A pesar de todos los vengadores y de todos los resistentes, mientras en la mentalidad humana y en la evolución social no hayan abierto brecha profunda el espíritu de justicia, que es recíproco respeto, y el sentimiento vivo de libertad, y la clara percepción de solidaridad humana que es igualdad y amor, no será posible el salto revolucionario en el desconocido porvenir. Esa es la razón de todas las propagandas, sin excluir la anarquista; la razón de todos los esfuerzos por llevar a las inteligencias un rayo de luz, a las voluntades un motivo de acción, al sentimiento un acicate de expansionamiento.
No es una desgracia que el instinto de conservación domine las cualidades combativas del hombre. Felizmente somos cada día menos fieros, cada vez menos bestias, aun en medio de la bárbara lucha a que fatalmente estamos entregados, o es una mentira enorme el progreso moral y el influjo de las ideas humanitarias.
La absoluta inadaptación al medio es una quimera. Cierto que los inadaptados o semi-inadaptados impulsan, pero no hay absolutamente nadie capaz, no puede haberlo, de vivir en total rebeldía con el mundo ambiente. No es tampoco necesario. No es deseable.
En el semi-acomodamiento forzoso al medio actual, puede el revolucionario, lo mismo que el hombre de ciencia y el artista ir preparando el porvenir, sembrando ideas de justicia, sentimientos de humanidad, de respeto, de amor al prójimo. Esta es la obra del idealismo y ésta es la que quisiéramos fuese la de la realidad. Pero la realidad está impregnada de barbarismo y es superior a nuestras ideas, ¿quién lo duda?

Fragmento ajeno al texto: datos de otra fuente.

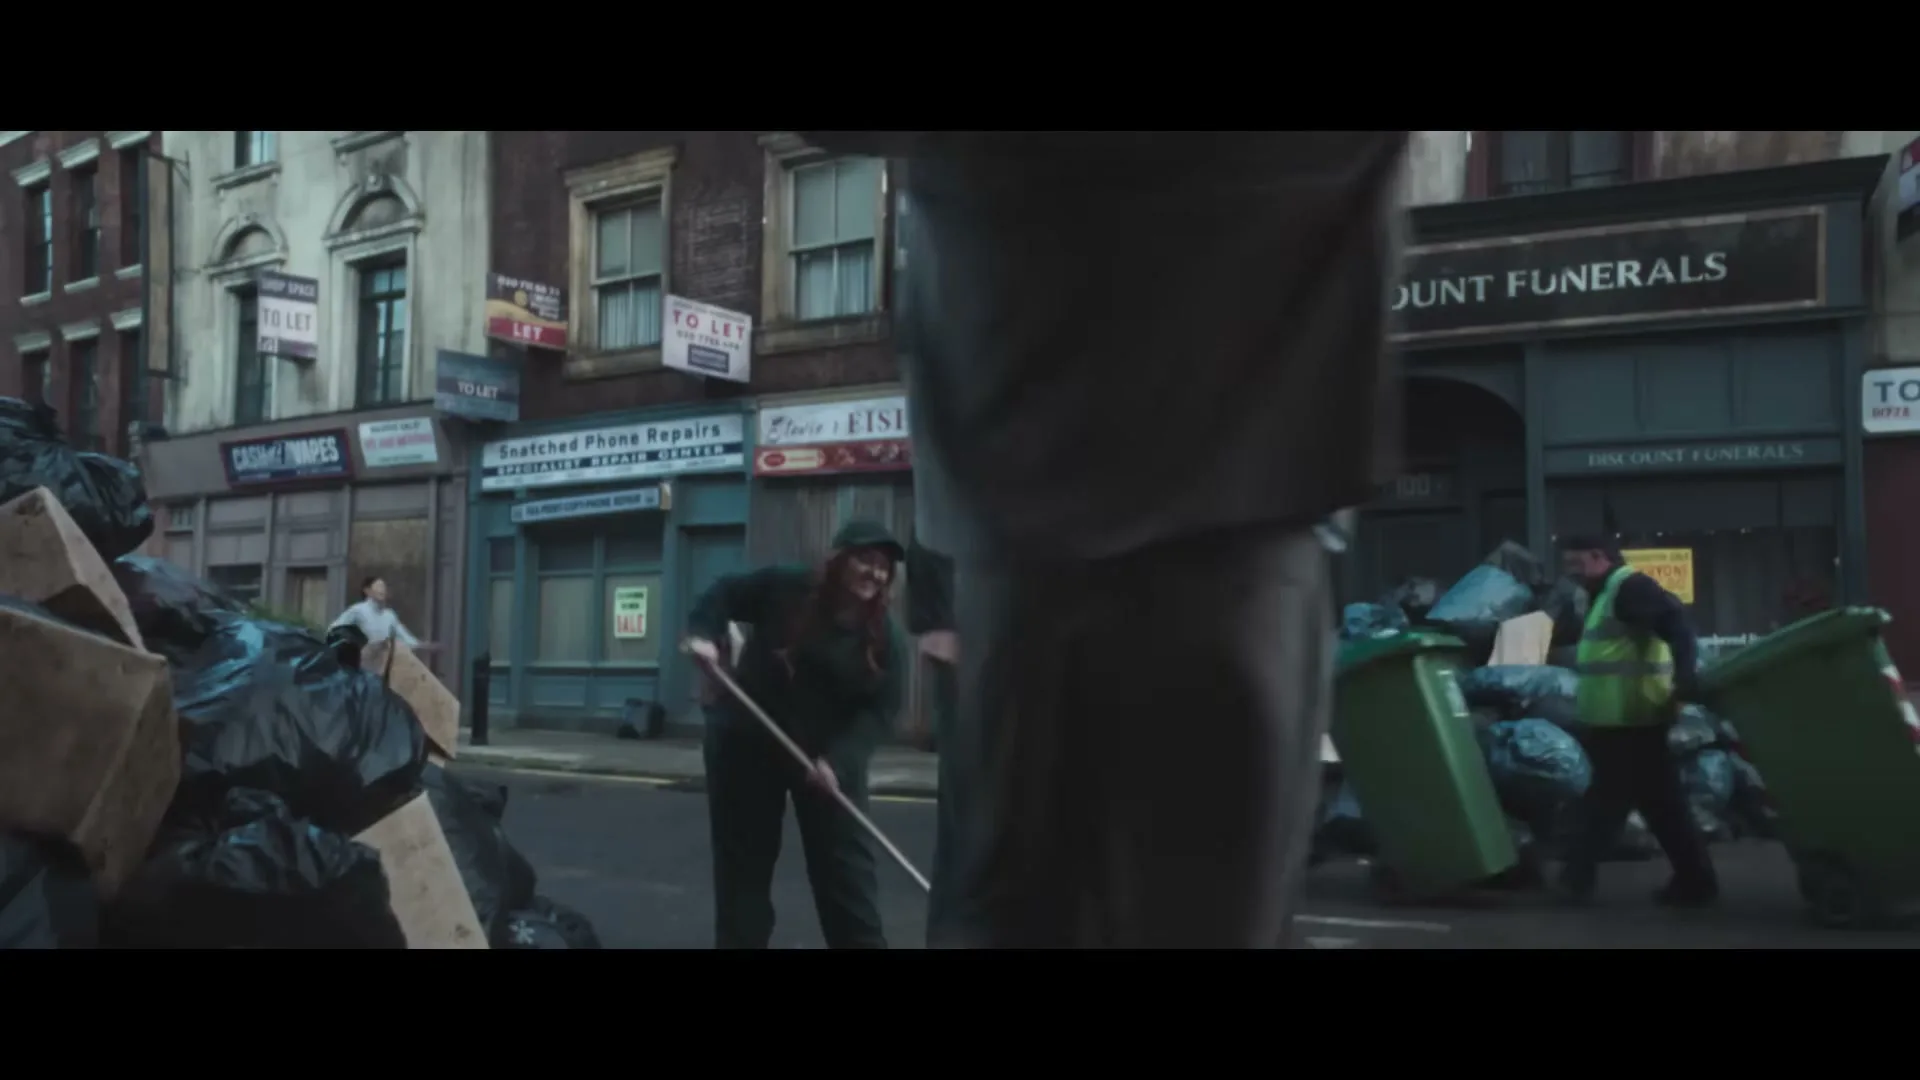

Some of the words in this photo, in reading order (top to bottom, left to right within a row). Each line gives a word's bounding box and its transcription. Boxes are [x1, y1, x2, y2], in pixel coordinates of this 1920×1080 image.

[1507, 252, 1728, 298] FUNERALS
[262, 308, 281, 328] TO
[286, 311, 312, 332] LET
[513, 322, 543, 341] LET
[673, 309, 699, 329] TO
[711, 319, 745, 340] LET
[457, 381, 475, 395] TO
[476, 384, 498, 399] LET
[1872, 379, 1920, 403] TO
[287, 435, 340, 467] VAPES
[499, 438, 579, 461] Snatched
[584, 430, 640, 451] Phone
[647, 421, 721, 446] Repairs
[497, 458, 582, 477] SPECIALIST
[591, 451, 647, 467] REPAIR
[658, 444, 724, 461] CENTER
[1588, 447, 1686, 467] DISCOUNT
[1692, 443, 1804, 462] FUNERALS

Pues porque está impregnada de barbarismos impone la violencia, o la fuerza, o la matanza allí donde se quiere amor y paz y justicia. ¿Elevaremos a teoría, a principio de conducta las fatalidades ambientes? Eso parecen querer los que, como Lirio Rojo, padecen de obsesión de los remedios heroicos.

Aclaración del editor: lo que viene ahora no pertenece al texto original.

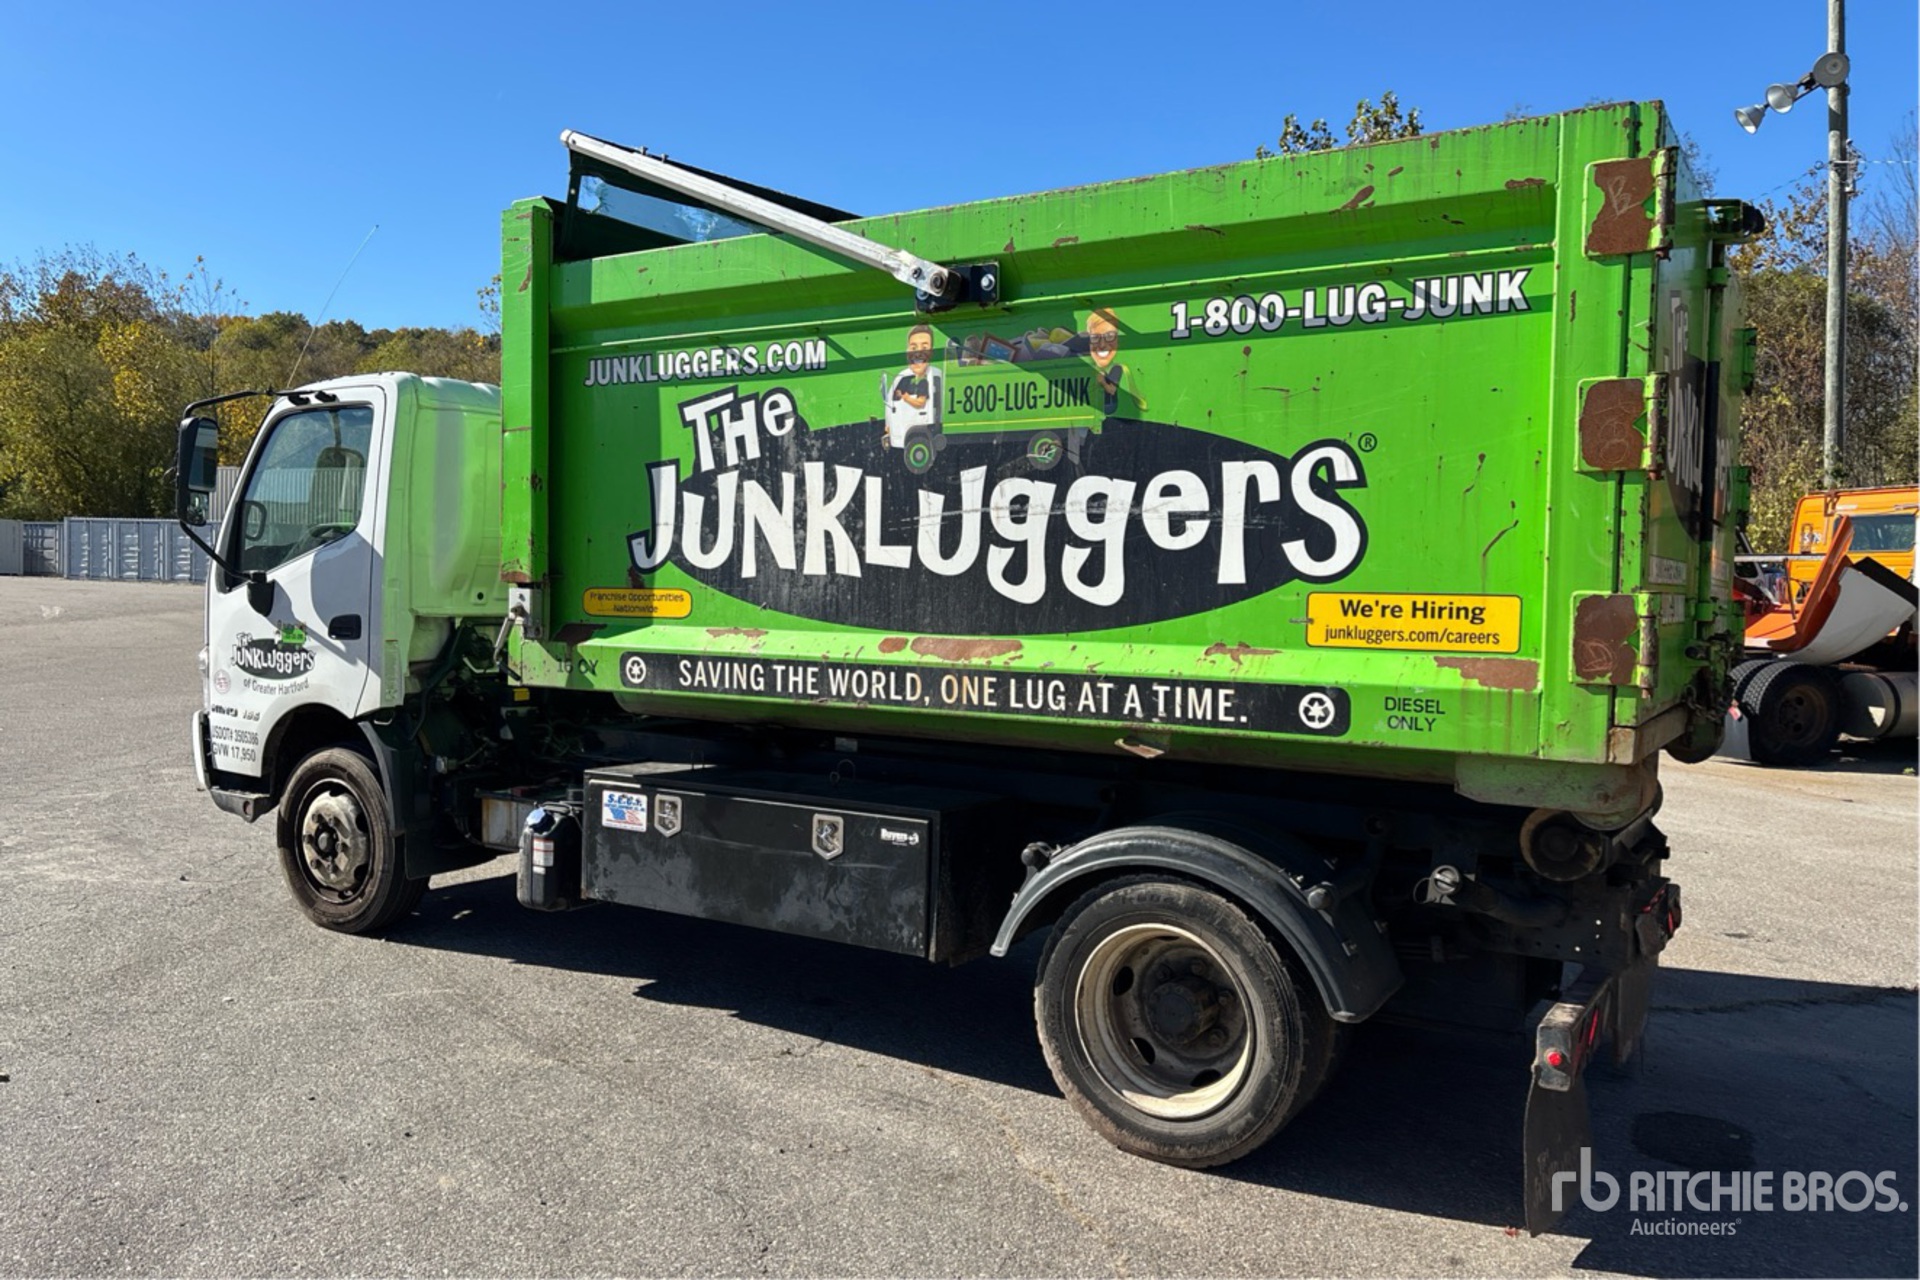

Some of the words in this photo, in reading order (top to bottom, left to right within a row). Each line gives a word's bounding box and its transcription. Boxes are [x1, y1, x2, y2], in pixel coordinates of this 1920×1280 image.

[1170, 268, 1532, 340] 1-800-LUG-JUNK
[584, 338, 827, 386] JUNKLUGGERS.COM
[948, 377, 1091, 414] 1-800-LUG-JUNK
[1340, 598, 1404, 619] We're
[1411, 600, 1486, 625] Hiring
[1324, 624, 1500, 645] junkluggers.com/careers
[252, 679, 277, 695] Greater
[278, 678, 309, 695] Hartford
[679, 659, 765, 691] SAVING
[772, 665, 819, 695] THE
[828, 668, 930, 706] WORLD,
[940, 674, 998, 706] ONE
[1009, 678, 1066, 711] LUG
[1077, 682, 1115, 713] AT
[1122, 684, 1143, 716] A
[1151, 685, 1248, 723] TIME.
[1384, 696, 1446, 715] DIESEL
[1387, 716, 1437, 732] ONLY

Hay antinomia indudable. No están en error los que piensan a un mismo tiempo que toda violencia, es antianarquista y que a la anarquía sólo por la violencia se puede llegar. Quiero entender que anarquía, es negación de toda violencia o forzamiento, puesto que afirma la completa libertad de acción. Violentar es, pues, un acto antianarquista. ¿Nos cruzaremos de brazos? Más que como anarquistas, como hombres se está obligado a resistir el mal y aniquilarlo en la medida de lo posible. Sojuzgados, vencidos, explotados, tiranizados, habremos de reaccionar contra todos los obstáculos que se oponen a nuestro libre desenvolvimiento. ¿Cómo? La no violencia, está en las ideas y en los sentimientos; la violencia es la realidad. No podremos, aun queriendo, excusarnos de la llamada suprema apelación a la fuerza. El cómo de la conducta es el gran problema para los militantes de todas las ideas revolucionarias. Inútil pretender la revolución a todo pasto. Peligroso convertir en filosofía, la barbarie ambiente. Suicida dejarse llevar a una sensiblería que nos condenaría a la esclavitud voluntaria. Hay en todos los momentos un punto de vacilación porque nada determina claramente las fronteras de lo justo y de lo injusto, del respeto y del abuso, de la libertad y de la imposición.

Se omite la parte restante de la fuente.